Diabetes…in pets? Sure! It can happen!
Diabetes is one of those diseases that doesn’t just happen overnight. It creeps up on your pet slowly. Pets have a way of hiding their symptoms, hiding that they don’t feel good. Suddenly, you notice certain changes in your pet. You start thinking about it, put two and two together….
Or, as in the case of my 11 year old cat, the changes I was seeing I attributed to stress in the home. Plus, being a multi-cat home, it’s not always easy to see who is eating or drinking, who’s peeing and pooping….
In February, my oldest cat passed away after a battle with kidney failure. My focus had been on nursing her for a month. My other cat, 10 at the time, never cared for her housemate, but she felt my stress. Felt my stress and grief when the older cat passed. Then I bring home a new cat…more stress! A couple months later, a playmate for the new cat…more stress!! The changes I finally noticed-hiding more, unkempt appearance, weight loss (she’d not been overweight, but I noticed in picking her up that she felt lighter) I’d attributed to stress. I finally took a good, long look at my now 11 year old cat and said, “You’re going to the vet.”
My cat, Reina, had had senior blood work in the late fall (5-6 mos prior), and it was normal. I was expecting a kidney or thyroid issue. We did a CBC (complete blood count), Chemistry Profile (liver, kidneys, pancreas, heart, etc), thyroid, and urinalysis.
I was shocked when her urine was positive for glucose. My poor girl was likely a diabetic. We confirmed it with a test called Fructosamine, which gives an average of the blood sugar over the previous several weeks. It was high. Diagnosis confirmed. Luckily, her remaining blood work was all normal, and I was able to change her to a diabetic diet and start her insulin.
Just because I’m a technician, it doesn’t mean that treating my diabetic cat has been easy. The cat controls the house and routine. I switched her from a dental diet to a prescription diabetic diet that’s lower in carbs, which luckily, all of my cats like and will eat. I’ve had to try to go to semi-meal feeding my cats to control when Reina eats so I can give her her insulin appropriately (she refuses to eat in the morning on my schedule!). I’ve had to check blood work on her every 6-8 weeks to make sure her sugar levels are okay. She did well for awhile, until we’ve recently had to adjust her again.
Most (but not all) diabetic animals start out overweight, so owners may notice weight loss. Diabetic animals also may drink more and urinate more. Cats, especially, may hide more, lose interest in grooming themselves. It’s easy to miss, especially in a multi-cat home.
Diabetes is usually a lifelong issue. With a diet change and insulin, most become regulated and do well with periodic blood work.
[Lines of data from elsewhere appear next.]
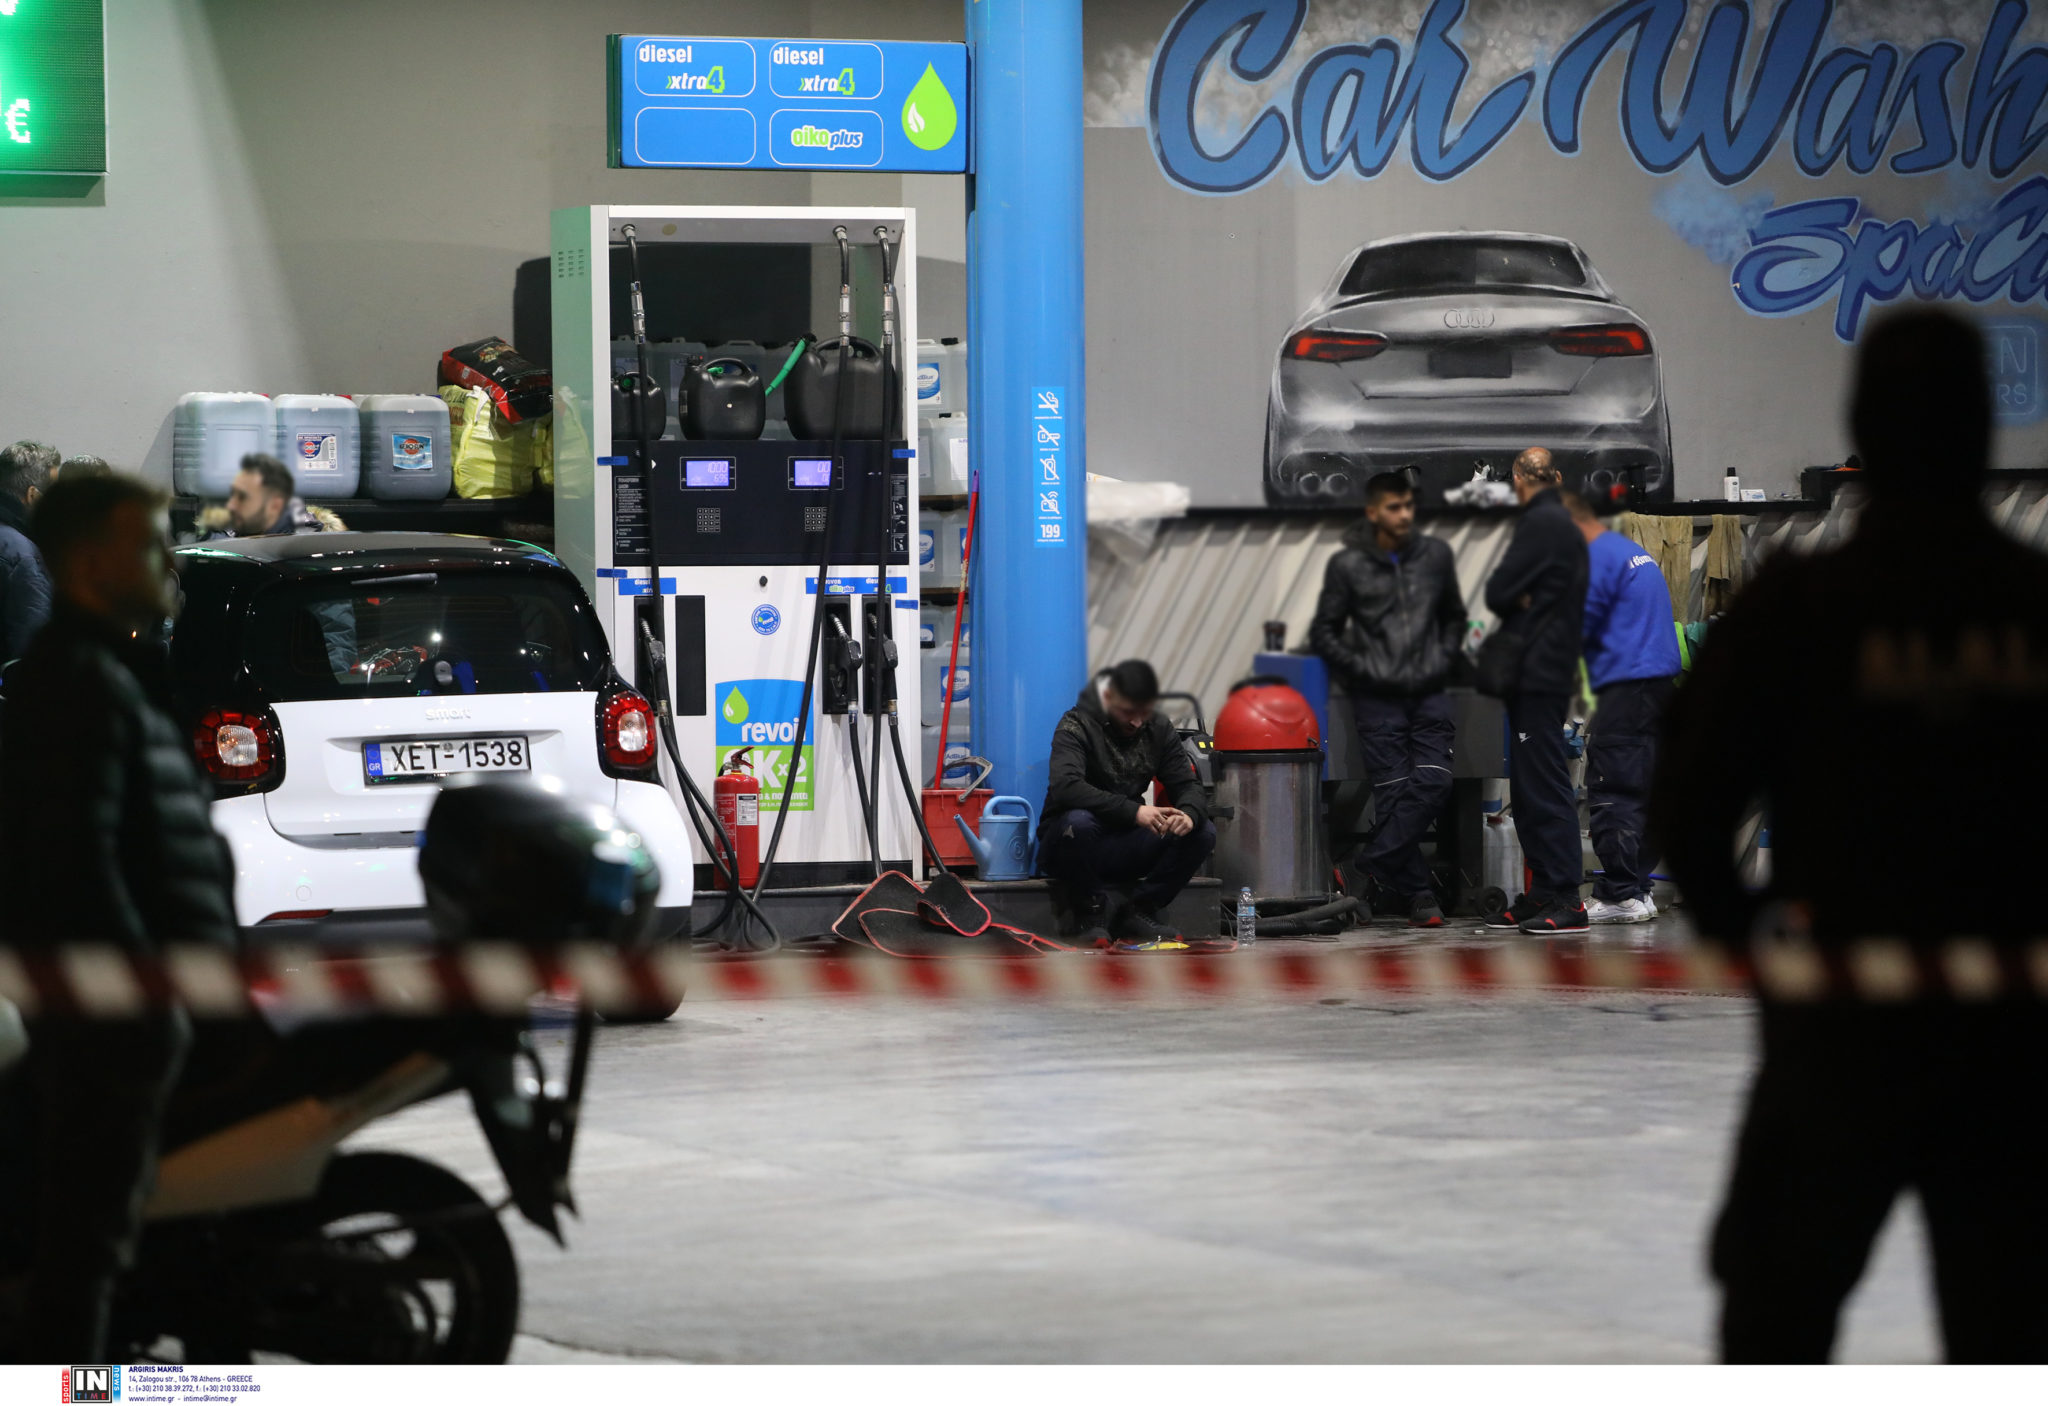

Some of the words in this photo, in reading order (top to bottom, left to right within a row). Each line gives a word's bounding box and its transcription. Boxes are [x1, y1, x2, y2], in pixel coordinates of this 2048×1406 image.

[639, 45, 693, 63] diesel
[773, 48, 824, 65] diesel
[1146, 0, 1537, 194] Car
[1542, 0, 2048, 187] Wash
[1040, 524, 1060, 538] 199
[425, 706, 472, 721] smart
[391, 740, 523, 771] XET-1538
[368, 762, 381, 771] GR
That blood work may include a day long stay for a glucose curve (we check blood sugars during the day-this can also be done at home if you are comfortable with it and want to purchase the machine), Fructosamine as mentioned above, and chemistry profiles to monitor other organs. Urine samples are also checked routinely for glucose and ketones (chemical made in the liver that’s released when the body doesn’t have enough insulin-can signal a very serious complication of diabetes). Diabetic pets are also more susceptible to infections such as urinary tract infections.
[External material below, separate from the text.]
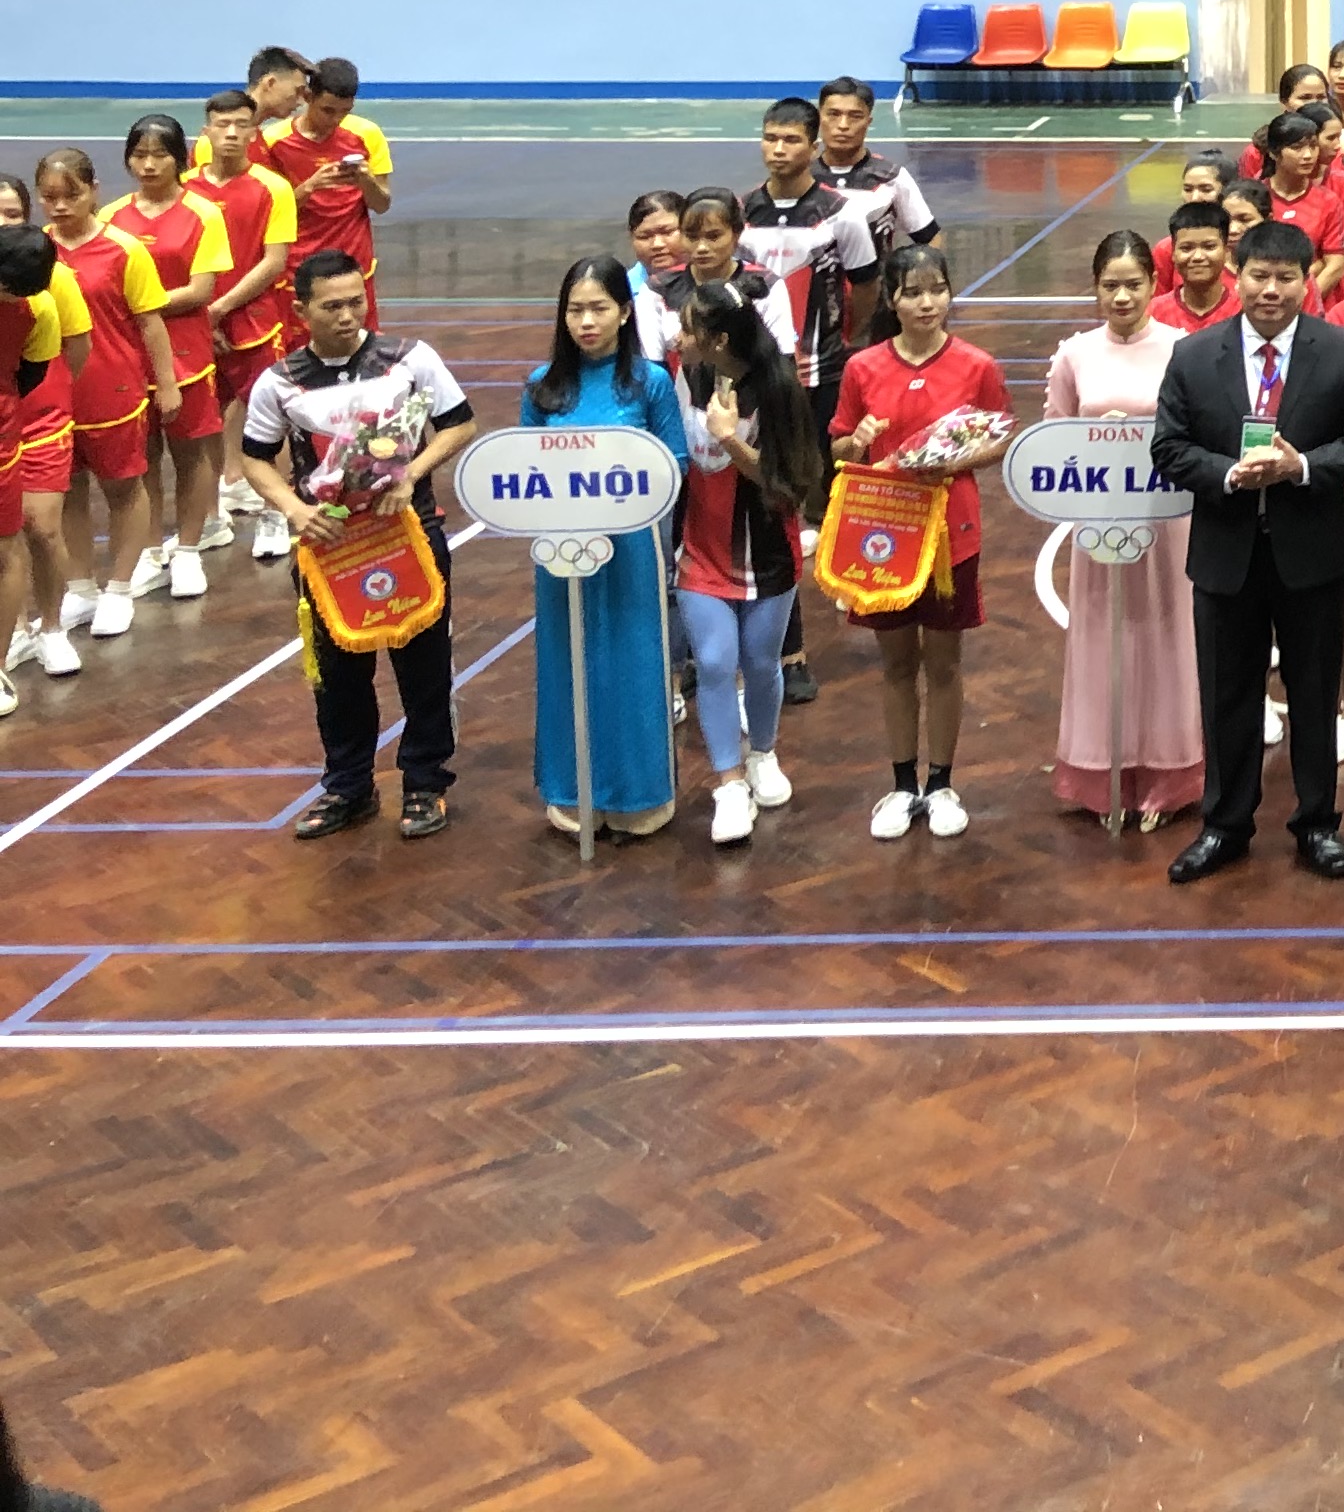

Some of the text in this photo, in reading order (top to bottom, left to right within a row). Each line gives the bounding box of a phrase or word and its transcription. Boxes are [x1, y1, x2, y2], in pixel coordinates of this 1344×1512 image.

[492, 463, 649, 503] HÀ NỘI
[1031, 455, 1110, 493] ĐẮK
Believe it or not, most diabetic pets accept the insulin injections without fuss (very tiny needle). It’s often harder on the pet parent than the pet, with careful diet schedules (including fewer treats), giving the right amount of insulin at the right times, frequent veterinary visits. Diabetes is also not cheap to treat, between food, insulin, syringes, and vet visits. Since becoming the pet parent of a diabetic cat, I have a whole new respect for other pet parents going through the same thing!
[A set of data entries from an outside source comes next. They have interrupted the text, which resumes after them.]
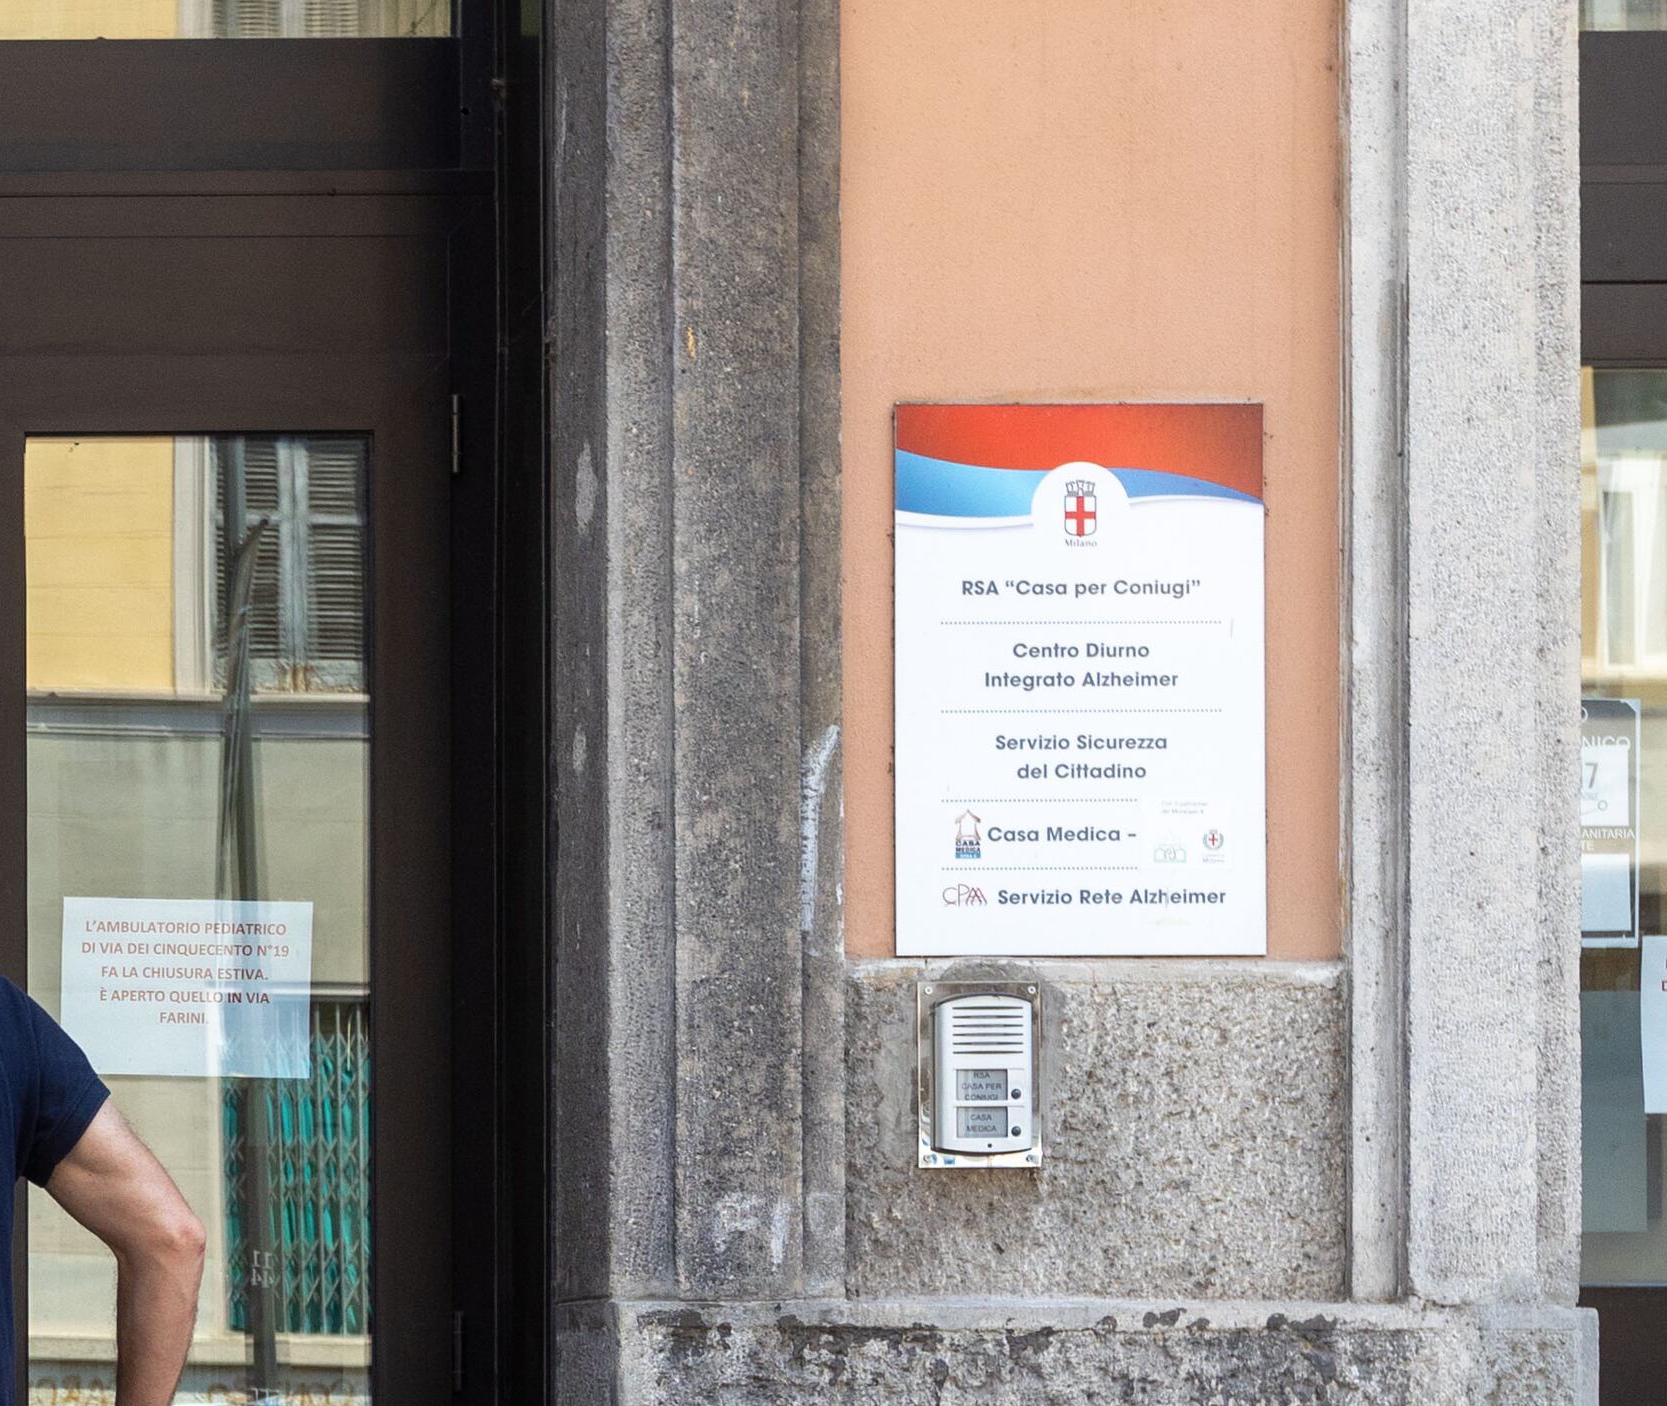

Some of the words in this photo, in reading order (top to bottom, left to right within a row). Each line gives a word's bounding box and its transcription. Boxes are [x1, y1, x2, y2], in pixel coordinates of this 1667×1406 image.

[1064, 538, 1098, 548] Milano
[961, 580, 1000, 596] RSA
[1005, 579, 1068, 597] “Casa
[1073, 583, 1107, 601] per
[1113, 578, 1201, 600] Coniugi”
[1012, 642, 1080, 659] Centro
[1085, 642, 1150, 659] Diurno
[984, 671, 1075, 691] Integrato
[1081, 671, 1179, 688] Alzheimer
[995, 734, 1070, 751] Servizio
[1076, 734, 1168, 751] Sicurezza
[1016, 763, 1049, 779] del
[1054, 762, 1147, 780] Cittadino
[987, 826, 1042, 843] Casa
[1047, 825, 1121, 843] Medica
[1581, 828, 1635, 840] ANITARIA
[997, 889, 1073, 905] Servizio
[1079, 888, 1124, 905] Rete
[1129, 887, 1227, 905] Alzheimer
[85, 919, 201, 934] L'AMBULATORIO
[203, 922, 287, 937] PEDIATRICO
[81, 941, 97, 954] DI
[99, 942, 124, 955] VIA
[127, 942, 150, 955] DEI
[153, 942, 254, 958] CINQUECENTO
[101, 966, 118, 978] FA
[122, 966, 139, 979] LA
[142, 966, 214, 980] CHIUSURA
[217, 968, 269, 981] ESTIVA.
[99, 986, 107, 1001] È
[111, 989, 166, 1002] APERTO
[169, 990, 223, 1005] QUELLO
[227, 991, 243, 1004] IN
[246, 992, 271, 1004] VIA
[961, 1082, 984, 1090] CASA
[970, 1113, 992, 1121] CASA
[966, 1124, 997, 1132] MEDICA
The take home message is to watch your pets carefully for any changes in habit, diet, behavior, potty habits, weight. Make sure to visit your veterinarian at least yearly, or twice yearly for pets over 7 years of age. Older pets should have blood work and a urinalysis at least yearly. Be prepared for the unexpected.
Diabetic pets can live many happy years with careful monitoring and proper diet and insulin. Be sure to follow your veterinarian’s advice and visit schedule for your diabetic pet.